* [Required action]:
Copy the lines below exactly. No picture goes into the copy.

(Beginning of Exercise inputs)

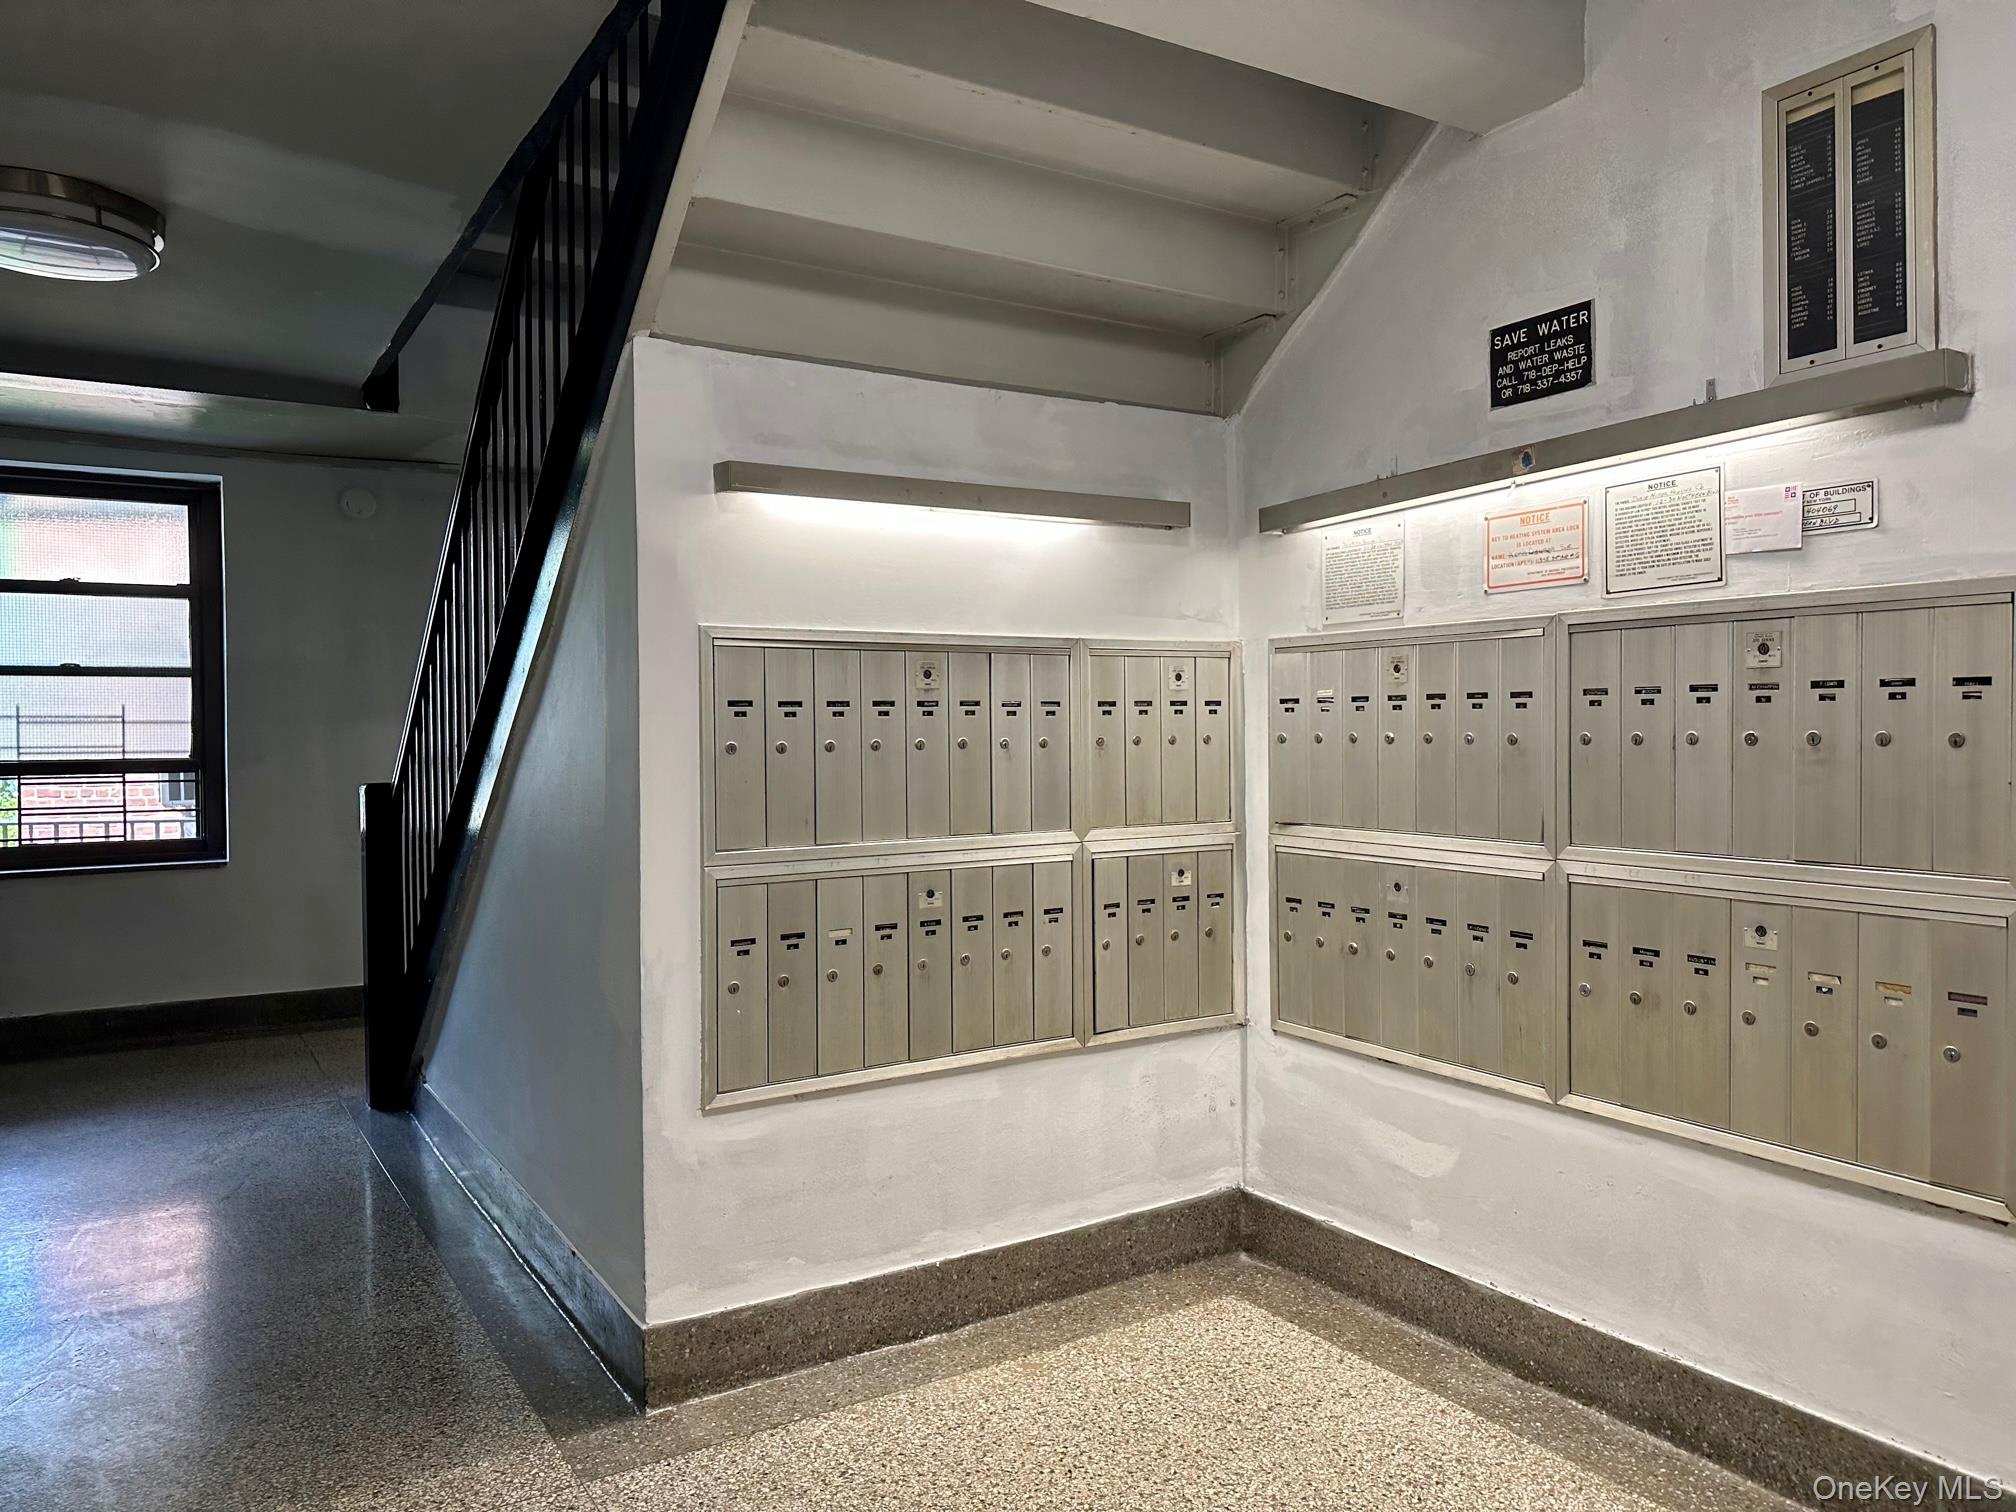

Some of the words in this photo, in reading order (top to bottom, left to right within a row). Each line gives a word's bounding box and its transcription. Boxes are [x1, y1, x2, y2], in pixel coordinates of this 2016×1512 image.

[1494, 328, 1528, 349] SAVE
[1537, 310, 1589, 337] WATER
[1507, 344, 1540, 361] REPORT
[1544, 334, 1574, 351] LEAKS
[1497, 364, 1514, 376] AND
[1519, 354, 1549, 370] WATER
[1553, 343, 1586, 360] WASTE
[1496, 376, 1518, 388] CALL
[1522, 356, 1588, 381] 718-DEP-HELP
[1501, 388, 1513, 399] OR
[1517, 370, 1583, 395] 718-337-4357
[1648, 480, 1677, 490] NOTICE
[1809, 491, 1820, 499] OF
[1823, 484, 1867, 497] BUILDINGS
[1520, 512, 1551, 525] NOTICE
[1509, 532, 1530, 540] HEATING
[1522, 539, 1544, 547] LOCATED

(End of Exercise inputs)

* [Answer for this exercise]:
Some of the words in this photo, in reading order (top to bottom, left to right within a row). Each line gives a word's bounding box and its transcription. Boxes are [x1, y1, x2, y2], in pixel coordinates of this 2016×1512 image.

[1494, 328, 1528, 349] SAVE
[1537, 310, 1589, 337] WATER
[1507, 344, 1540, 361] REPORT
[1544, 334, 1574, 351] LEAKS
[1497, 364, 1514, 376] AND
[1519, 354, 1549, 370] WATER
[1553, 343, 1586, 360] WASTE
[1496, 376, 1518, 388] CALL
[1522, 356, 1588, 381] 718-DEP-HELP
[1501, 388, 1513, 399] OR
[1517, 370, 1583, 395] 718-337-4357
[1648, 480, 1677, 490] NOTICE
[1809, 491, 1820, 499] OF
[1823, 484, 1867, 497] BUILDINGS
[1520, 512, 1551, 525] NOTICE
[1509, 532, 1530, 540] HEATING
[1522, 539, 1544, 547] LOCATED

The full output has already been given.